Pero tal como sucedió siglos después, tras las esperanzas suscitadas por el Vaticano II, también después de las exitosas reformas del concilio de Constanza se produjo una restauración sorprendentemente rápida del gobierno único del papa. La reforma de la Iglesia y su constitución, que con tanta urgencia se precisaba, quedó frustrada por todos los medios posibles. Por supuesto, después se celebraron los concilios de Pavía, Siena y Basilea, pero la reforma quedó socavada; ya en esa época la curia, como cuerpo regulador y autoridad permanente, era más fuerte que la institución extraordinaria del concilio. Su lema era: «Los concilios vienen y van, pero la curia romana permanece.»

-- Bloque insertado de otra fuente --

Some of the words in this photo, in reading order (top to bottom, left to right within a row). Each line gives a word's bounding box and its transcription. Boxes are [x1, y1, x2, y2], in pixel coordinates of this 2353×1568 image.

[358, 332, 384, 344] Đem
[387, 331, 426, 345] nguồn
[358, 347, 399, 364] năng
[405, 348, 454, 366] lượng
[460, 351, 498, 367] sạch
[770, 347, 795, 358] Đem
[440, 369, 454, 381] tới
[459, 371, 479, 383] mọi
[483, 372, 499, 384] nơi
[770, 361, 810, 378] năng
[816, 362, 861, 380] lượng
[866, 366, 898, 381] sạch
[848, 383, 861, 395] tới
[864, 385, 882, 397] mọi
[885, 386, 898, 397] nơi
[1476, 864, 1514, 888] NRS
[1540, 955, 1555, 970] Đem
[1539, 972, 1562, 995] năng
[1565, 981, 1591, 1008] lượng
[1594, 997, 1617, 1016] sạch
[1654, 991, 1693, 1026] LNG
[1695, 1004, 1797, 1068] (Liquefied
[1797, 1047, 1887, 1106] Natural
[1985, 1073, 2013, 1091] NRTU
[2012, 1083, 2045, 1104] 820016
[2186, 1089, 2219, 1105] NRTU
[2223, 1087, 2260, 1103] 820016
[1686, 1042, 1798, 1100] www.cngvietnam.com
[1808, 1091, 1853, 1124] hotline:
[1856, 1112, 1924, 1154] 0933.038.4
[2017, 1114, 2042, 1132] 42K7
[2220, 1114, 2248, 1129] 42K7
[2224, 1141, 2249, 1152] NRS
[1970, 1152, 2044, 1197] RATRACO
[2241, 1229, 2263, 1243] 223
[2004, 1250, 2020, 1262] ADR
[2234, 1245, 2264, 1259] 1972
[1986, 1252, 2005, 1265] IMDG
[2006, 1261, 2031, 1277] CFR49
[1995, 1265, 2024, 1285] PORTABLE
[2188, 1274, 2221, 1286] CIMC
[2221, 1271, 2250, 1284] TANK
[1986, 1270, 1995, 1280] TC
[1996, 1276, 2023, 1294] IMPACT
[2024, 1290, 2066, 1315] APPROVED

Aun así, en esa época la consolidación del absolutismo papal no era solo una cuestión de política curial. Algunos de los representantes más vocingleros de la idea del concilio (como Enea Silvio Piccolomini, más tarde Pío II) apoyaban al papado por razones oportunistas. En particular los cardenales, nombrados por el papa, a menudo preferían la curia al concilio. Pero también después del concilio los obispos y abades no pensaban permitir que el «bajo clero» y el laicado tomaran parte en el proceso de toma de decisiones en el seno de la iglesia. Y los monarcas temían aún más las ideas conciliares (por «democráticas») y, por tanto, estaban más interesados en la preservación del statu quo eclesiástico que en la reforma del papado.

Así pues, sin sentirse amenazados por los decretos del concilio, los papas retomaron sus demandas medievales. Incluso ese antiguo «conciliarista» Piccolomini, ahora Pío II, no se avergonzaba al prohibir oficialmente que el concilio pudiera referirse al papa o castigarle con la excomunión. Como es natural, estos gestos amenazadores por parte de la curia no se tomaron muy en serio en el seno de la iglesia de aquel tiempo, que estaba orientada hacia el concilio. Pero Roma siguió desdeñando y suprimiendo infatigablemente los decretos del concilio de Constanza. Y en la misma víspera de la Reforma, en el quinto concilio de Letrán de 1516, León X podía declarar abiertamente: «El pontífice romano existente en estos tiempos, que posee autoridad sobre todos los concilios…»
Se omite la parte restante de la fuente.